The areas where the provider should make improvements are:

  • Seek assurances that appropriate risk assessments are in place at the sites managed by other providers.
  • Obtain information about any relevant physical or mental health conditions for all newly appointed members of staff.
  • Maintain a log of significant events and complaints from all data sources to monitor events over time for any trends.

Dr Rosie Benneyworth BM BS BMedSci MRCGPChief Inspector of Primary Medical Services and Integrated Care

Inspection areas



Updated 21 May 2019

We rated safe as Good because:

We found that this service was providing safe care in accordance with the relevant regulations.

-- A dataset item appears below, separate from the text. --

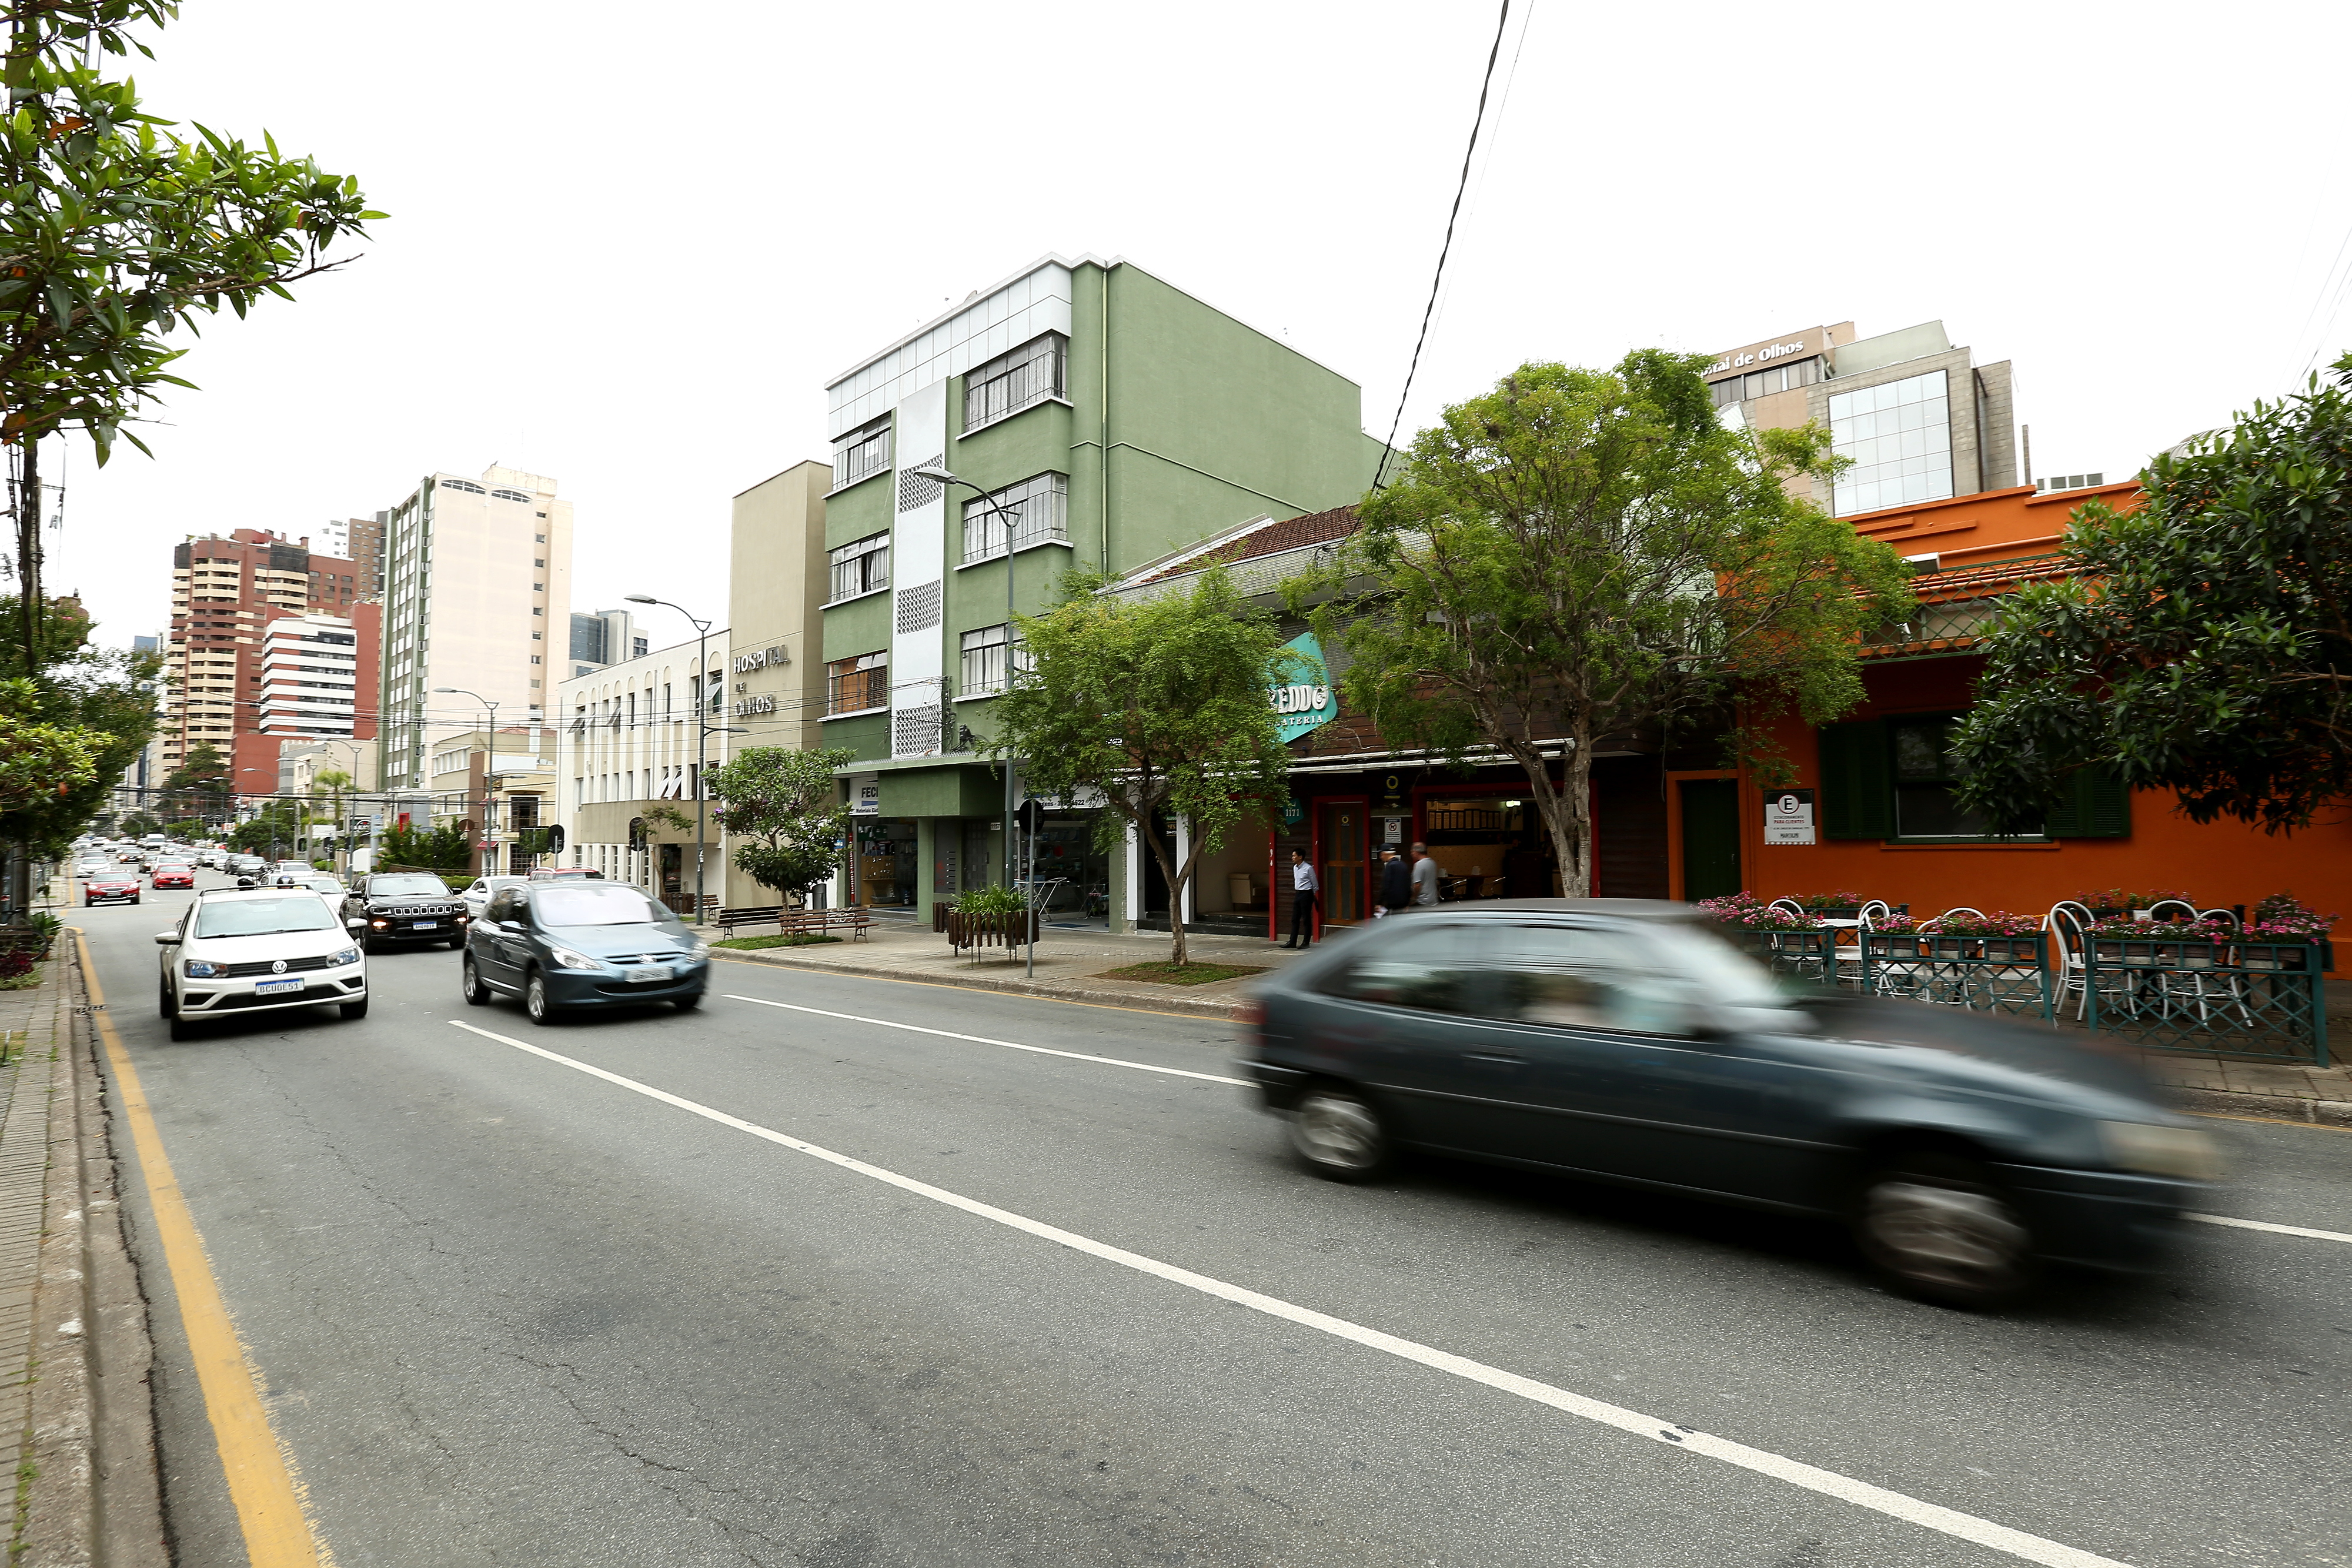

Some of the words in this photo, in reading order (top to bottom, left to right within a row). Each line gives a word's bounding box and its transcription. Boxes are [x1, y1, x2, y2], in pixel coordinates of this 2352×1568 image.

Safety systems and processes

  • The service had clear systems to keep patients safe and safeguarded from abuse. Staff had received training in safeguarding and equality and diversity. Staff understood their responsibilities, had access to a safeguarding policy and the registered manager was the designated safeguarding lead.
  • All referrals were received from other NHS providers. This enabled the provider to check the identity and details of patients on the NHS electronic data base. Staff confirmed these details when they contacted patients to arrange appointments.
  • The provider carried out staff checks on recruitment and on an ongoing basis, including checks of professional registration where relevant. Disclosure and Barring Service (DBS) checks were undertaken for all staff employed. (DBS checks identify whether a person has a criminal record or is on an official list of people barred from working in roles where they may have contact with children or adults who may be vulnerable). We reviewed the recruitment records held for staff, one of whom had been employed since the provider had been registered with the Care Quality Commission. We found all of the required documentation had been obtained with exception of information about any physical or mental health conditions. The business manager had been made aware that this information needed to be obtained during the last inspection of the GP practice in March 2018. The practice had not collected this information retrospectively but assured us this information would be obtained when new staff were recruited.
  • Information in the minor surgery room informed patients that staff were available to act as chaperones. However, two members of staff were always present when procedures were being carried out. Designated staff who acted as chaperones were trained for the role and had received a DBS check.
  • There was an effective system to manage infection prevention and control. The lead nurse was the designated infection prevention and control lead and was responsible for staff training. Suitable risk assessments for the prevention and control of infection were in place. Staff had access to an infection control policy and had received training. External cleaners were contracted to maintain the cleanliness within the building and cleaning schedules were in place. The service was in the process of changing their contract cleaner as they had found mops inappropriately stored wet by their outgoing contact cleaner. The practice had suitable risk assessments and processes in place to reduce the risk of water borne infections such as Legionella.
  • Clinics were carried out in a number of buildings that were not owned or managed by MCS. Staff told us that they checked the cleanliness of each room used before commencing the clinic and no issues around cleanliness had been noted. Although there was no formal agreement in place for risk assessments and access to emergency medicines; the service did complete a clinic room check before they set up for surgery at each site. These records were completed by the service team and were kept by the staff. The service advised us they would be formalising this process and storing all of these documents centrally in the near future.
  • The provider ensured that their facilities and equipment were safe and that equipment was maintained according to manufacturers’ instructions. There were systems for safely managing healthcare waste.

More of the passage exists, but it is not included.